**DIRECTIONS:**
The entries below are to be returned as written, with all pictures dropped.

(Free-text object descriptions)
....
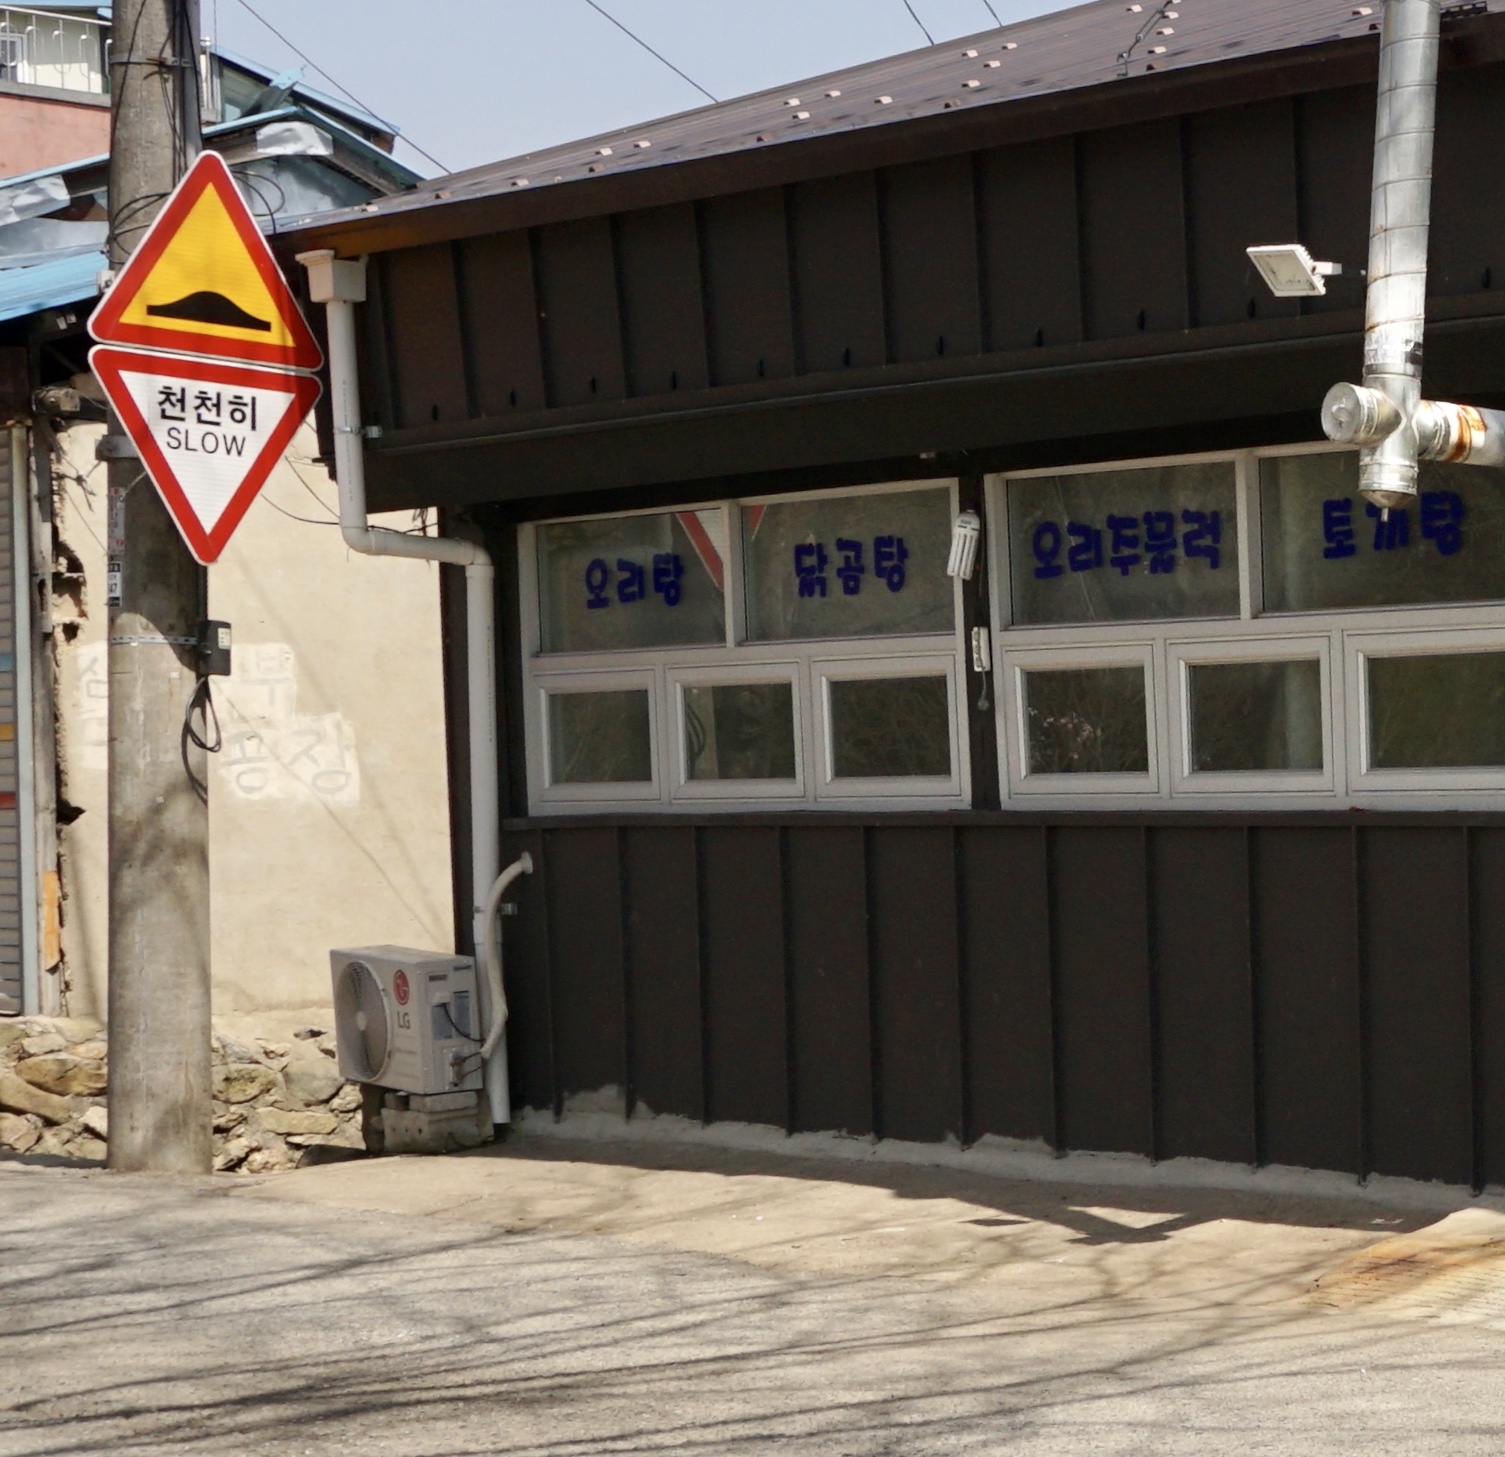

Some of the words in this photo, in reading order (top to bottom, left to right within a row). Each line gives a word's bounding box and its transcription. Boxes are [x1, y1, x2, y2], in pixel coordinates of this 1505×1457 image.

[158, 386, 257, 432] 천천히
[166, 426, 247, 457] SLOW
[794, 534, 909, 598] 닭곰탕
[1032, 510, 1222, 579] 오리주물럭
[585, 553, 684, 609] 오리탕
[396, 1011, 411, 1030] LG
....
**RESPONSE AREA:**
Some of the words in this photo, in reading order (top to bottom, left to right within a row). Each line gives a word's bounding box and its transcription. Boxes are [x1, y1, x2, y2], in pixel coordinates of this 1505×1457 image.

[158, 386, 257, 432] 천천히
[166, 426, 247, 457] SLOW
[794, 534, 909, 598] 닭곰탕
[1032, 510, 1222, 579] 오리주물럭
[585, 553, 684, 609] 오리탕
[396, 1011, 411, 1030] LG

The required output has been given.